# Cortex (Inference)

> Run local Small Language Models (SLMs) in the browser

# Cortex Module

`Infèrence_Éngine // WébGPU_Accélerated`

**ᚠ ᛫ ᛟ ᛫ ᚱ ᛫ ᛒ ᛫ ᛟ ᛫ ᚲ**

The Cortex module is the "Voice" of the AI. It handles local text generation using quantized Small Language Models (SLMs) running directly in the client's browser via WebGPU.

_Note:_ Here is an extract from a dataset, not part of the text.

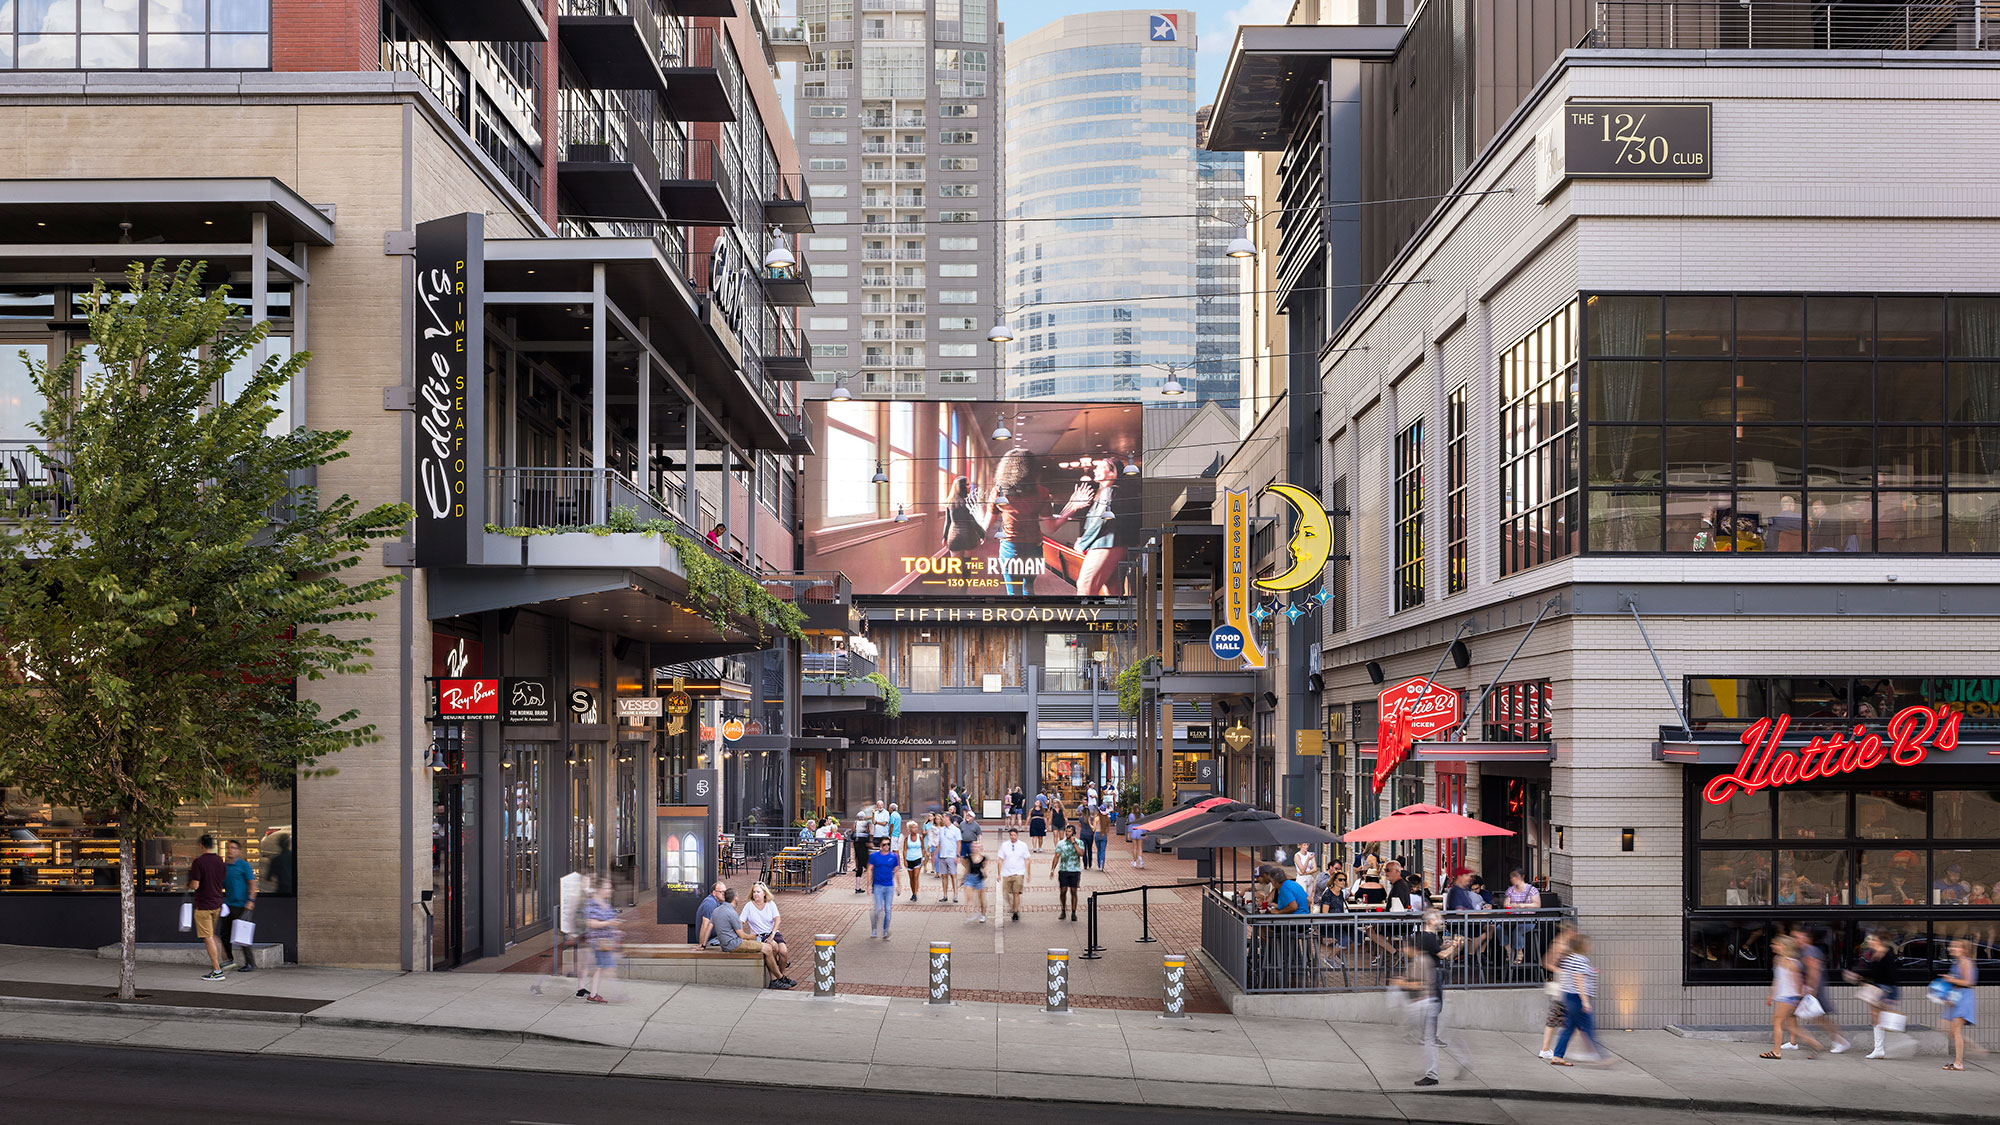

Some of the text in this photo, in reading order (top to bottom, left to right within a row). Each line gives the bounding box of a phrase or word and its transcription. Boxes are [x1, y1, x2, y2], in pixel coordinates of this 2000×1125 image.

> *N̷o̴ ̷c̶l̵o̷u̴d̸.̴ ̷N̵o̶ ̸l̷a̴t̸e̸n̴c̵y̷.̸ ̷P̴u̴r̵e̴ ̶t̵h̷o̵u̸g̸h̸t̵.̷*

***

## Features

* **Local Inference**: Runs entirely on the user's device (Edge AI).
* **WebGPU Acceleration**: Utilizes the GPU via `@mlc-ai/web-llm` for near-native performance.
* **Offline Capable**: Once the model is cached, it works without internet.
* **Privacy First**: No prompt data leaves the user's device.

***

## Supported Models

| Model          | Parameters | Quantization | Size    | Use Case                             |
| -------------- | ---------- | ------------ | ------- | ------------------------------------ |
| `smollm2-135m` | 135M       | q4f16\_1     | \~100MB | Low-end devices, simple dialogue     |
| `llama3-8b`    | 8B         | q4f16\_1     | \~4.5GB | High-end desktops, complex reasoning |

***

## Usage

### Initialization

Initialize the Cortex engine. This triggers the model download if not cached.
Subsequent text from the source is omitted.